Items from a dataset:
Segment Open

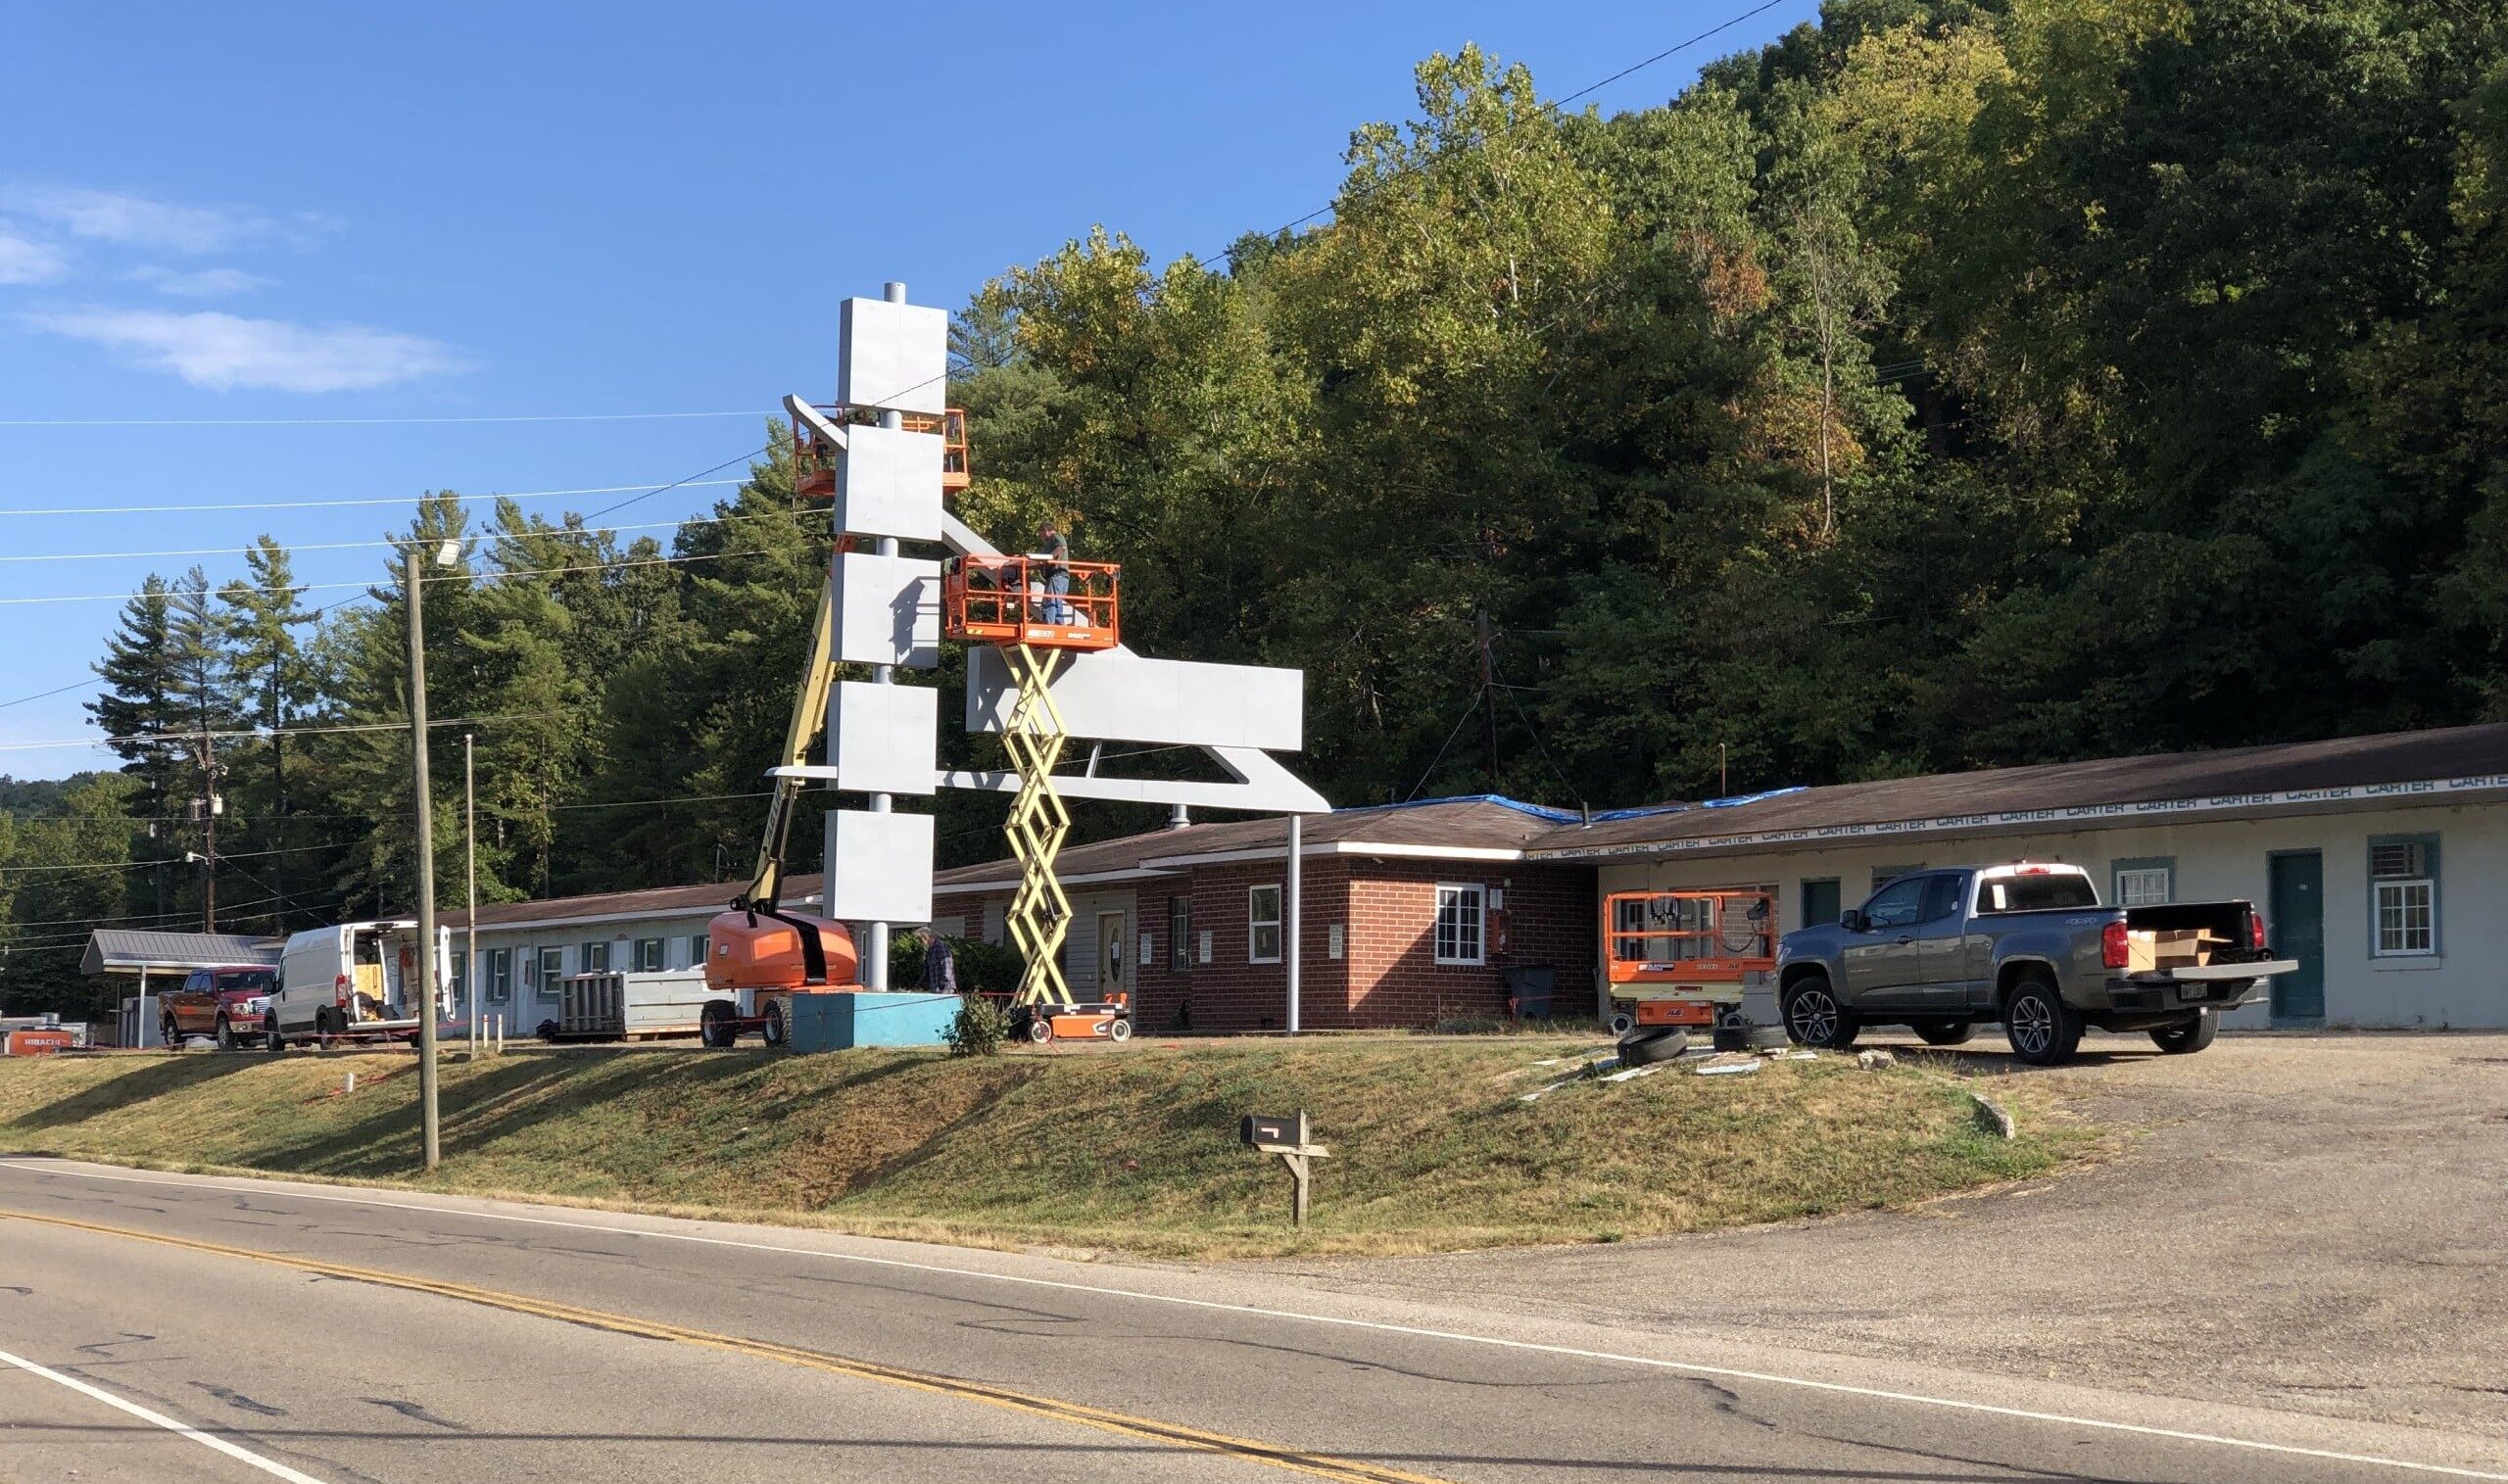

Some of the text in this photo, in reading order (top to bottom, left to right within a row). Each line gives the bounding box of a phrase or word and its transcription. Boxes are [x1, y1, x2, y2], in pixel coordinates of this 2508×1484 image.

[1936, 814, 1990, 827] CARTER
[2000, 809, 2055, 821] CARTER
[2066, 803, 2125, 816] CARTER
[2136, 799, 2196, 811] CARTER
[2365, 781, 2435, 794] CARTER
[2449, 775, 2508, 789] CARTE

Segment Closed

§ **Problem description**
Repeat the lines above precisely and skip every picture.

§ **Response**
Some of the text in this photo, in reading order (top to bottom, left to right within a row). Each line gives the bounding box of a phrase or word and its transcription. Boxes are [x1, y1, x2, y2], in pixel coordinates of this 2508×1484 image.

[1936, 814, 1990, 827] CARTER
[2000, 809, 2055, 821] CARTER
[2066, 803, 2125, 816] CARTER
[2136, 799, 2196, 811] CARTER
[2365, 781, 2435, 794] CARTER
[2449, 775, 2508, 789] CARTE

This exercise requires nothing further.